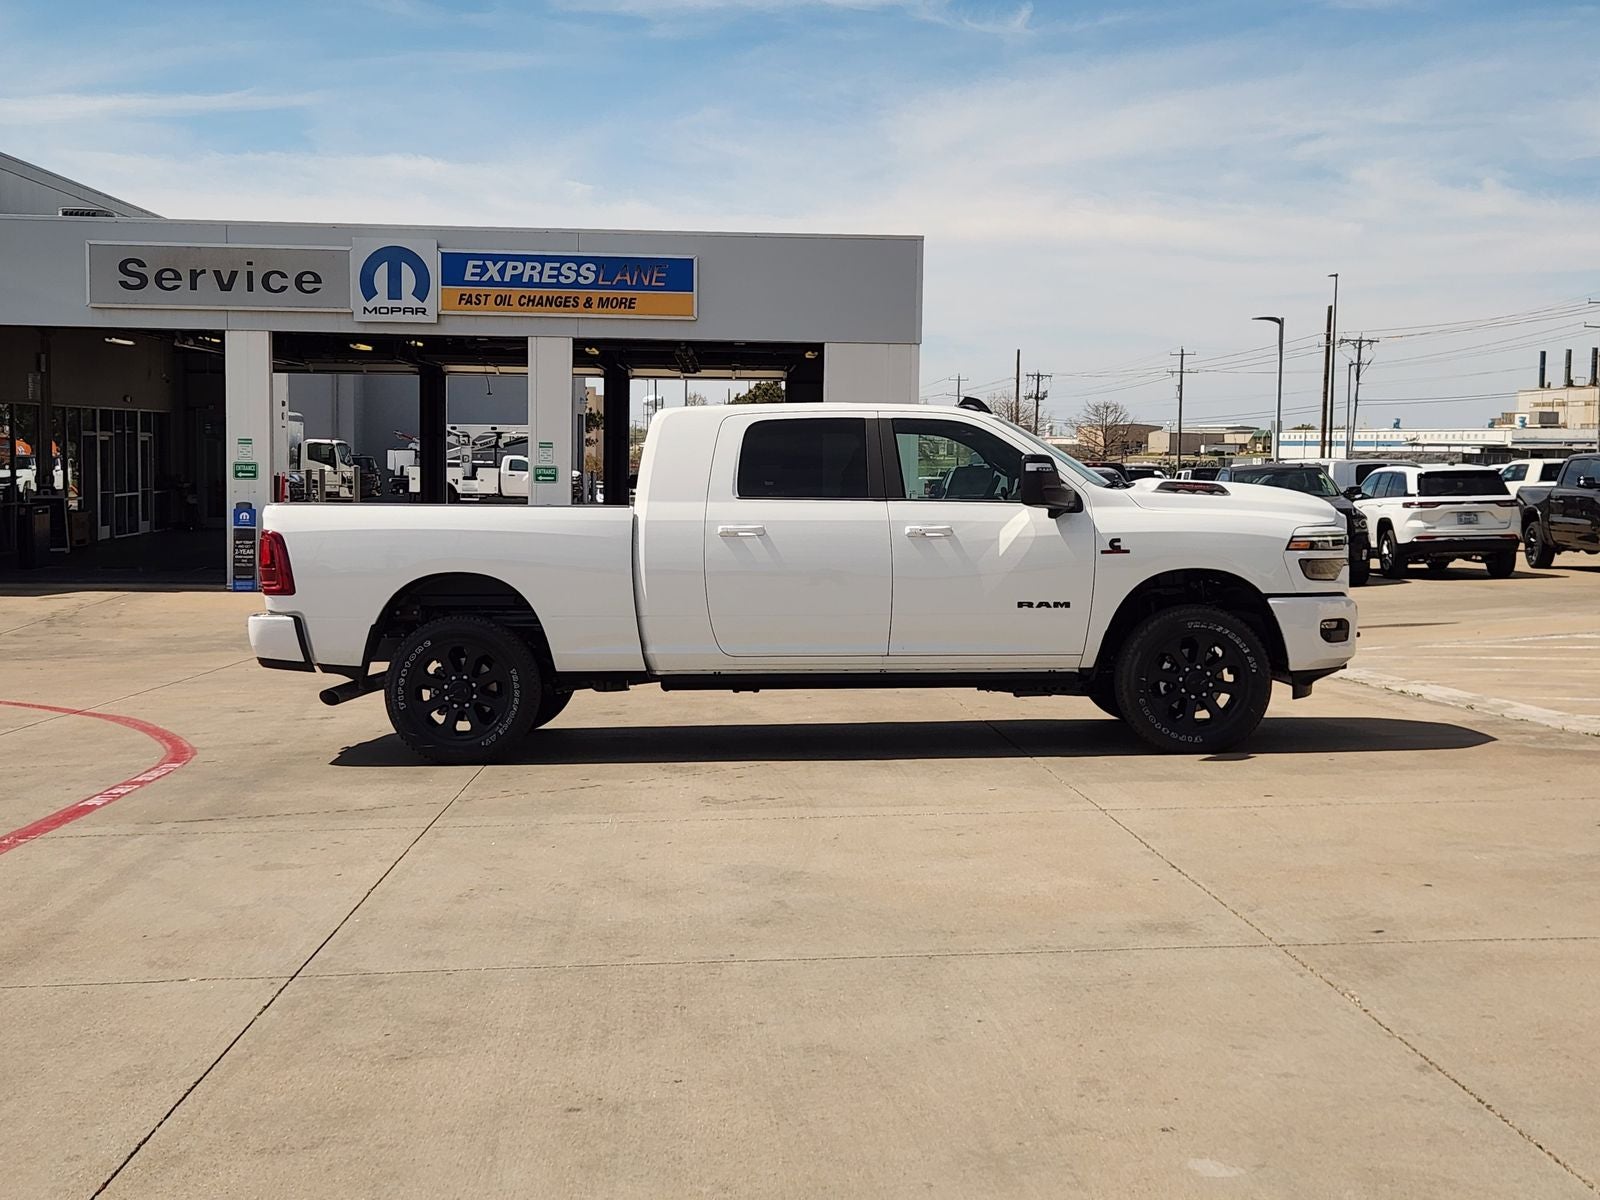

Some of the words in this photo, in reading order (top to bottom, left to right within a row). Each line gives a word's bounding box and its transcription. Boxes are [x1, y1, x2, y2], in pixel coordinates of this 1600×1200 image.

[118, 258, 323, 294] Service
[458, 293, 491, 306] FAST
[494, 294, 514, 307] OIL
[517, 294, 580, 309] CHANGES
[583, 297, 594, 309] &
[597, 297, 637, 310] MORE
[363, 306, 429, 316] MOPAR
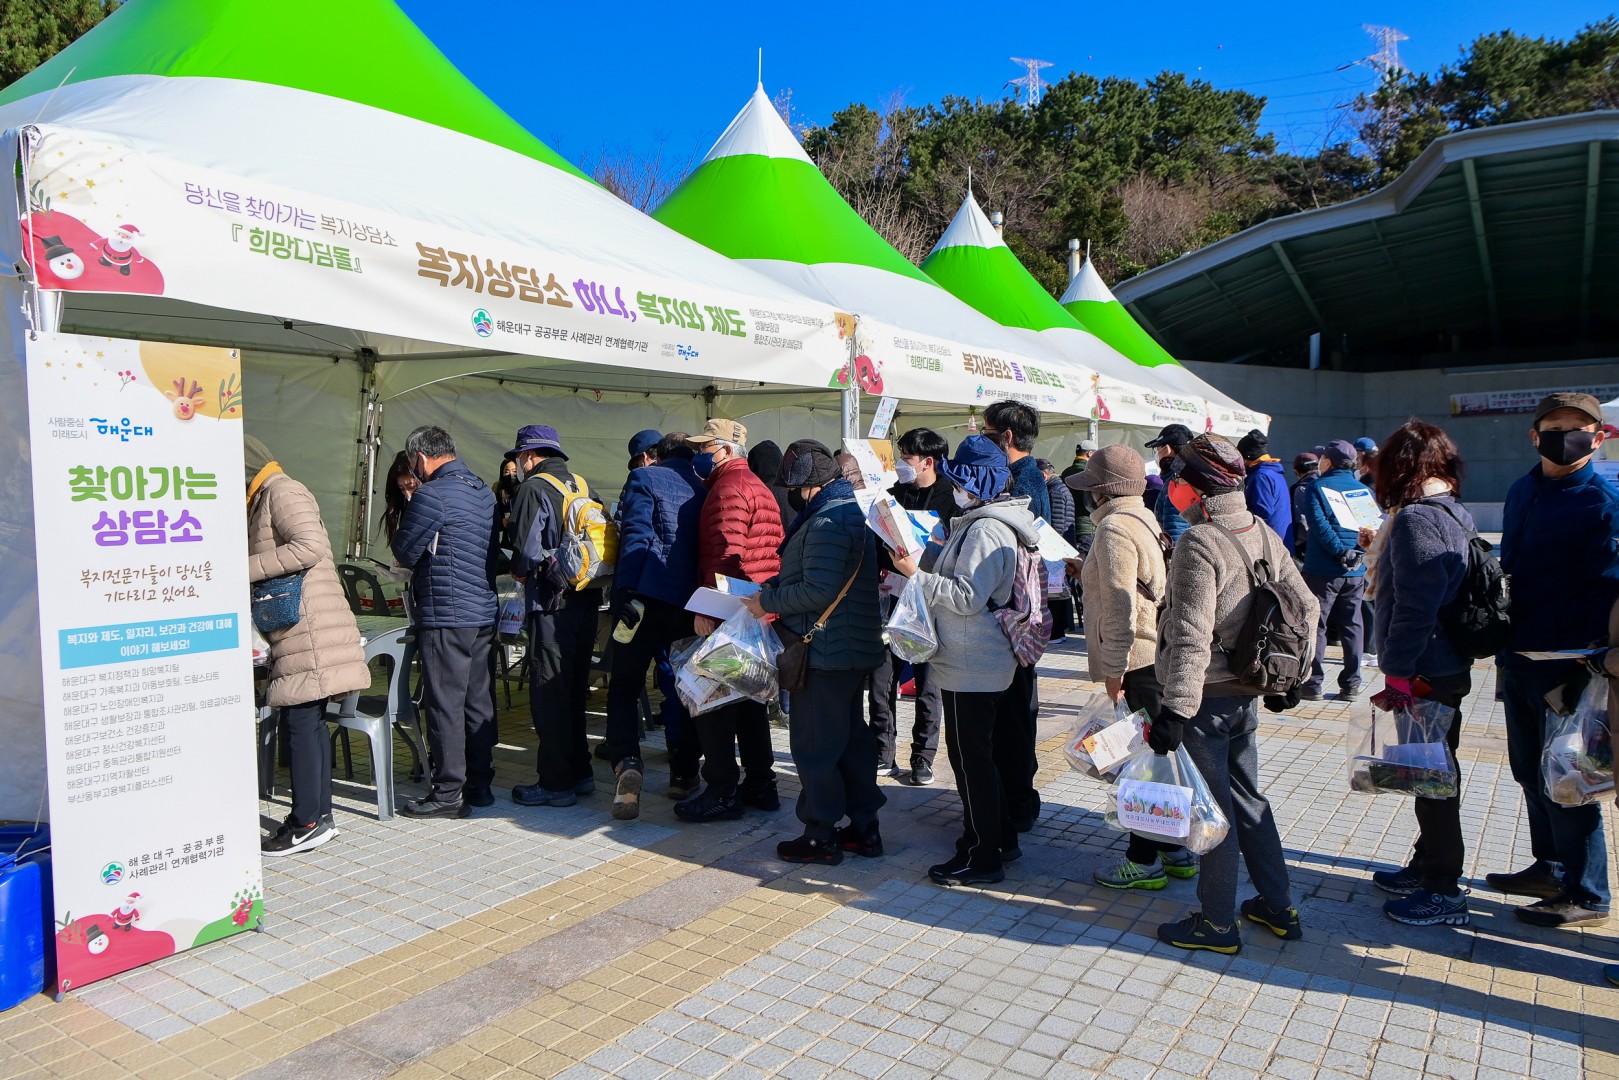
───
= AIM OF THE EXERCISE =
All entries are to be duplicated exactly, with the pictures left out.

= ANSWER TO THE EXERCISE =
Some of the words in this photo, in reading order (top to bottom, left to right within a row). Each line gives a word's bounding box and its transcription. Boxes are [x1, y1, x2, y2], in pixel coordinates of this 1600×1200 image.

[118, 258, 323, 294] Service
[458, 293, 491, 306] FAST
[494, 294, 514, 307] OIL
[517, 294, 580, 309] CHANGES
[583, 297, 594, 309] &
[597, 297, 637, 310] MORE
[363, 306, 429, 316] MOPAR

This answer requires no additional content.